An exact transcription of all the entries is needed; pictures stay out.

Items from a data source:
-- Opening Marker --

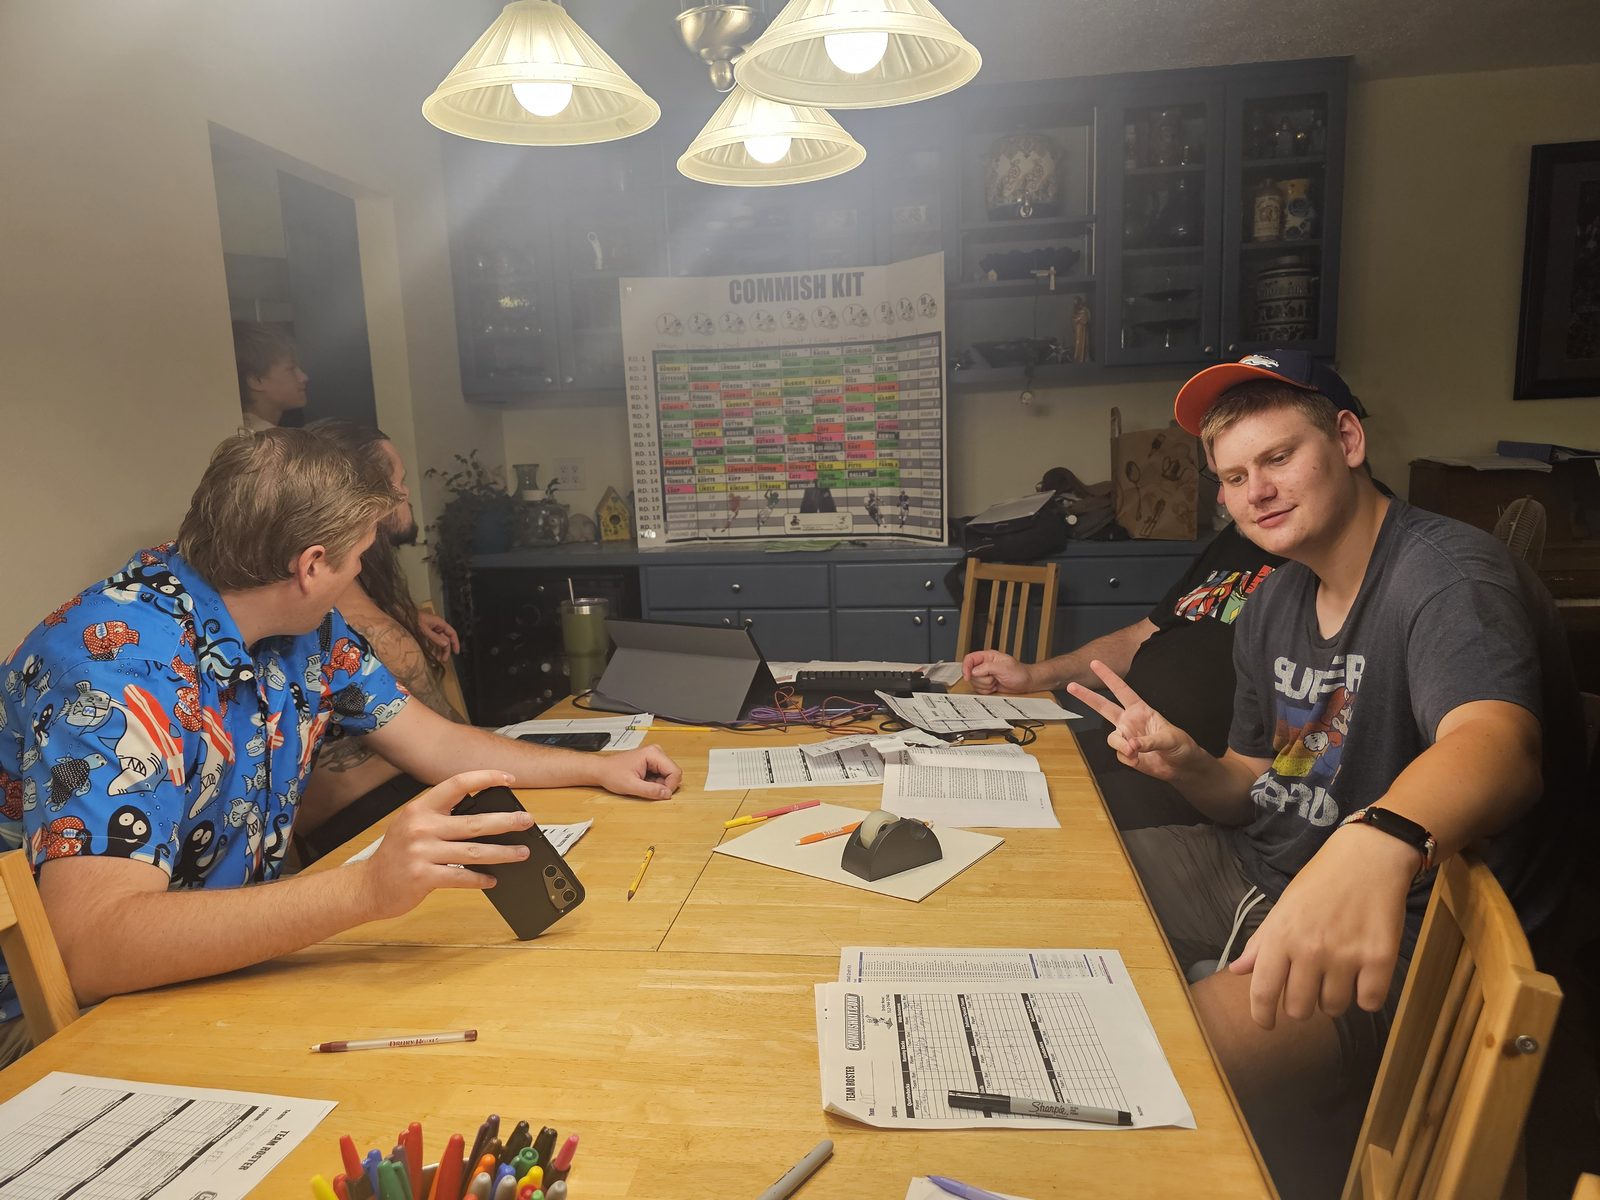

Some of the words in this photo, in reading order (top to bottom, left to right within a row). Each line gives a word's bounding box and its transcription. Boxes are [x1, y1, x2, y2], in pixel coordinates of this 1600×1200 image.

[729, 274, 827, 305] COMMISH
[831, 271, 865, 299] KIT
[847, 996, 860, 1050] COMMISHKIT.COM
[845, 1065, 856, 1087] ROSTER
[846, 1086, 856, 1102] TEAM
[1028, 1101, 1067, 1116] Sharpie
[265, 1129, 290, 1147] TEAM
[238, 1145, 272, 1171] ROSTER

-- Closing Marker --

* _EXPECTED ANSWER_
Some of the words in this photo, in reading order (top to bottom, left to right within a row). Each line gives a word's bounding box and its transcription. Boxes are [x1, y1, x2, y2], in pixel coordinates of this 1600×1200 image.

[729, 274, 827, 305] COMMISH
[831, 271, 865, 299] KIT
[847, 996, 860, 1050] COMMISHKIT.COM
[845, 1065, 856, 1087] ROSTER
[846, 1086, 856, 1102] TEAM
[1028, 1101, 1067, 1116] Sharpie
[265, 1129, 290, 1147] TEAM
[238, 1145, 272, 1171] ROSTER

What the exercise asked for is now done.